Leaving out the pictures, output each record exactly as it stands.

━━━━

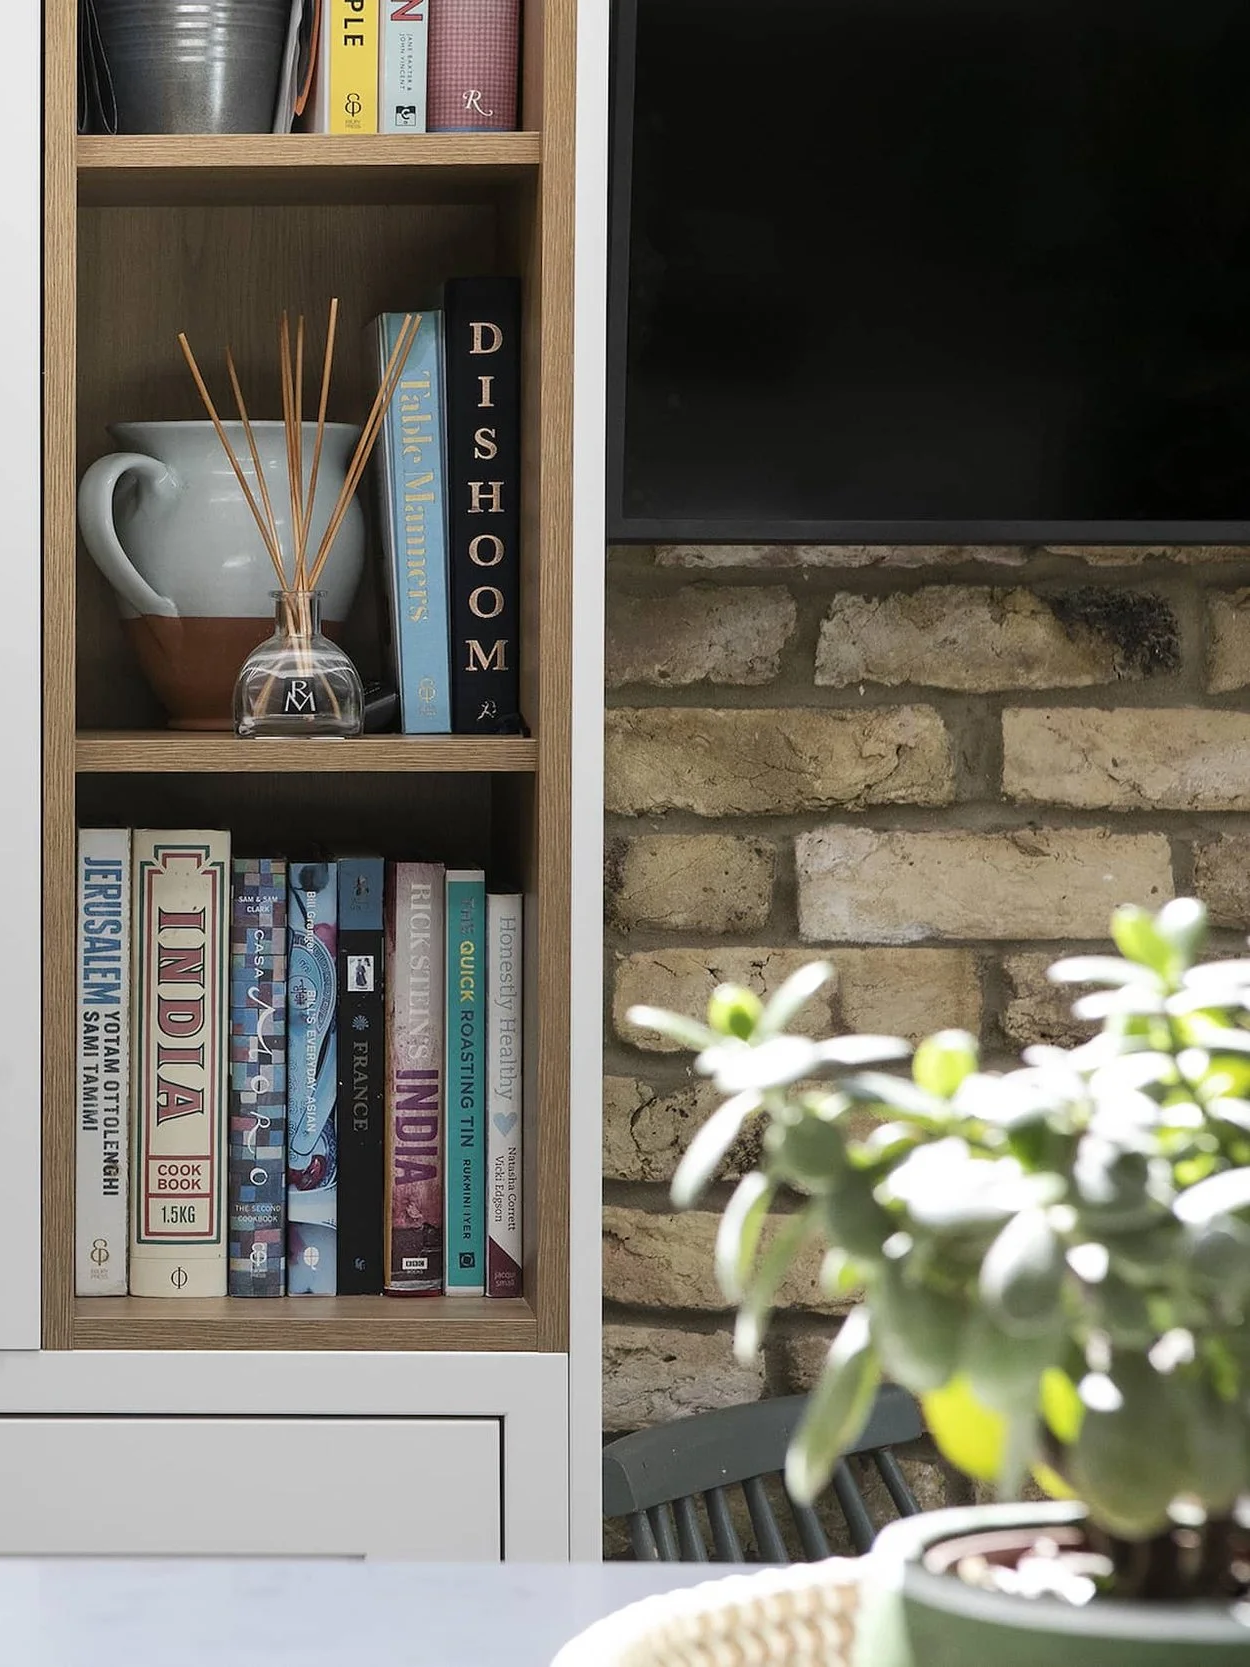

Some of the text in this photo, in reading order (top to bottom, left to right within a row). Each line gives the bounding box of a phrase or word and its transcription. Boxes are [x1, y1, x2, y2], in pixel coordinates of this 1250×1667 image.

[405, 33, 414, 51] JANE
[405, 54, 414, 83] BAXTER
[401, 370, 435, 623] Table Manners
[465, 322, 509, 672] DISHOOM
[238, 895, 278, 903] SAM & SAM
[247, 905, 270, 913] CLARK
[306, 891, 316, 908] Bill
[410, 883, 432, 948] RICK
[83, 856, 122, 1005] JERUSALEM
[254, 929, 265, 979] CASA
[460, 940, 476, 1002] QUICK
[156, 906, 206, 1128] INDIA
[494, 917, 518, 1100] Honestly Healthy
[82, 1011, 100, 1131] SAMI TAMIMI
[306, 1031, 317, 1092] EVERYDAY
[353, 1042, 370, 1132] FRANCE
[460, 1010, 475, 1109] ROASTING
[102, 1011, 120, 1196] YOTAM OTTOLENGHI
[306, 1096, 317, 1132] ASIAN
[395, 1069, 440, 1186] INDIA
[460, 1117, 475, 1148] TIN
[157, 1164, 202, 1177] COOK
[157, 1178, 202, 1191] BOOK
[462, 1159, 471, 1239] RUKMINI IYER
[493, 1155, 505, 1222] Vicki Edgson
[507, 1147, 517, 1231] Natasha Corrett
[161, 1205, 196, 1224] 1.5KG
[236, 1204, 282, 1213] THE SECOND
[238, 1215, 278, 1223] COOKBOOK

━━━━

Solution for this task:
Some of the text in this photo, in reading order (top to bottom, left to right within a row). Each line gives the bounding box of a phrase or word and its transcription. Boxes are [x1, y1, x2, y2], in pixel coordinates of this 1250×1667 image.

[405, 33, 414, 51] JANE
[405, 54, 414, 83] BAXTER
[401, 370, 435, 623] Table Manners
[465, 322, 509, 672] DISHOOM
[238, 895, 278, 903] SAM & SAM
[247, 905, 270, 913] CLARK
[306, 891, 316, 908] Bill
[410, 883, 432, 948] RICK
[83, 856, 122, 1005] JERUSALEM
[254, 929, 265, 979] CASA
[460, 940, 476, 1002] QUICK
[156, 906, 206, 1128] INDIA
[494, 917, 518, 1100] Honestly Healthy
[82, 1011, 100, 1131] SAMI TAMIMI
[306, 1031, 317, 1092] EVERYDAY
[353, 1042, 370, 1132] FRANCE
[460, 1010, 475, 1109] ROASTING
[102, 1011, 120, 1196] YOTAM OTTOLENGHI
[306, 1096, 317, 1132] ASIAN
[395, 1069, 440, 1186] INDIA
[460, 1117, 475, 1148] TIN
[157, 1164, 202, 1177] COOK
[157, 1178, 202, 1191] BOOK
[462, 1159, 471, 1239] RUKMINI IYER
[493, 1155, 505, 1222] Vicki Edgson
[507, 1147, 517, 1231] Natasha Corrett
[161, 1205, 196, 1224] 1.5KG
[236, 1204, 282, 1213] THE SECOND
[238, 1215, 278, 1223] COOKBOOK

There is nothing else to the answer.